With more and more laws governing how to rent property in England, ARLA Managing Director, David Cox, provides some guidance for landlords.

Using an Agent

Not all letting agents are the same and price is not the best way to determine the right agent for you. After all, how often is the cheapest the best? Would you use an airline, hotel or travel company who was not a member of ABTA or ATOL? Probably not because in the event things go wrong, you won’t get your money back. The same is true of letting agents. If you use an agent who isn’t a member of a professional body like ARLA then should things go wrong (such as the agent goes into liquidation or runs off with your money) then you stand to lose rent monies paid by your tenant and will be required to refund your tenant any deposit lost or stolen by the agent. By using an ARLA Licensed Agent, you will get a professional service from a qualified agent but in the unlikely event things go wrong, your money will be reimbursed by ARLA through our Client Money Protection Scheme.

Tenancy agreements

The law does not require a written tenancy agreement but it is best practice as it clearly sets out the rights and responsibilities of both the landlord and tenant. The Assured Shorthold Tenancy (AST) is the standard agreement used in England and can flexibly last for as long as both parties agree; the minimum term being six months and the maximum seven years. The AST specifies the date when the tenancy starts, the landlord’s name and address – even if the tenancy is managed by an agent – details of when and what rent is payable.

While standard tenancy agreement templates are available, many complications can arise and the services of a professional and experienced ARLA Licensed agent helps many landlords.
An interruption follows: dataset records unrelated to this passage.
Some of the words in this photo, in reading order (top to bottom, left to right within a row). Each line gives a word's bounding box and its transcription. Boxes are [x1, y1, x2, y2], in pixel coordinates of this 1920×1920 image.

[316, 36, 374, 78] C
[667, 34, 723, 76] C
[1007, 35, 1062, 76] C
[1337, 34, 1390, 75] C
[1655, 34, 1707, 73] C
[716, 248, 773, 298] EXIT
Tenancy Deposit Protection and Other Documentation

If you are taking a deposit from the tenant it is important to remember the money belongs to the tenant. You must register it with one of the Government authorised tenancy deposit protection schemes, TDS, DPS or mydeposits, and provide the certificate and Prescribed Information to the tenant within 30 days. Failure to do so could result in a court ordering the full return of the deposit plus a fine of between one and three times the value of the deposit. Unprotected deposits also mean you will not be able to easily regain possession of the property from the tenant should things go wrong.
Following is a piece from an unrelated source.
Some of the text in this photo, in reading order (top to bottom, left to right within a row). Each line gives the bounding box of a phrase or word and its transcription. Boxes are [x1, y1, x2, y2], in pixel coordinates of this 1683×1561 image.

And don’t forget about the other documents you must also give to your tenants:

  • A copy of the DCLG How to Rent guide
  • A valid Energy Performance Certificate (EPC)
  • A valid Gas Safety certificate
  • Any property license required by your local authority

Unless all of these documents are given to tenants, then should things go wrong, no Court will allow you to evict a tenant.

Right to Rent checks

From 1 February 2016 (or 1 December 2014 in parts of the West Midlands) all adult occupiers within new tenancies need to satisfy a Right to Rent check. Landlords are required to carry out ID checks to restrict illegal immigrants from accessing private rented housing.  The Home Office has produced a user guide outlining forms of identification which can be used by permanent and time limited residents to meet the requirements. See ARLA/Home Office FAQs on Right to Rent checks here.

Property Licensing

HMOs are usually properties in which unrelated people share facilities such as the kitchen or bathroom. Large HMOs (more than two floors and five or more unrelated people) need to be licensed. Depending on where the property is you may be subject to additional and/or selective licensing, check with your local authority to find out if you need a license.

Discrimination

You must not discriminate against any tenant on the basis of protected characteristics (defined by Equality Act 2010) including disability, sexual orientation or race.  While landlords do not have to make adjustments you could be breaking the law if you do not give consent to a tenant to make reasonable alterations.

Health & Safety

Landlords have a responsibility to ensure that properties are safe. Gas appliances supplied by a landlord must be safely installed and maintained with annual checks by a Gas Safe registered engineer and tenants must be given a copy of the Gas Safety Record within 28 days of the start of the tenancy. In built electrical supply and appliances provided by the landlord must be safe. Landlords intending to carry out electrical installation work in domestic property are required to either:

  • Notify the local authority building control team before work starts
  • Have it carried out by an appropriately registered electrician
  • Have the work inspected and tested by a registered third party certifier (England only)

Landlords providing residential accommodation have a legal duty to ensure the risk of exposure of tenants to legionella is assessed and controlled. Further advice is available from the Health & Safety Executive.

From 1 October 2015 landlords or agents must ensure that occupied properties have a working smoke alarm on each floor of the property and a Carbon Monoxide alarm in every room which contains a solid fuel burning appliance.   Checks need to be made on these alarms on the first day of the tenancy. Responsibility for changing batteries moves to the tenant during the tenancy but the landlord is responsible for replacing units which develop a fault.

Relevant items of furniture and furnishings need to be able to pass the “smoldering cigarette” and “match flame” resistance test and carry a label confirming this. Any items that do not comply should be removed from the property. A comprehensive inventory signed by all parties at the start of the tenancy is essential in the event of a dispute and a final check is usually scheduled for the day that the tenant moves out.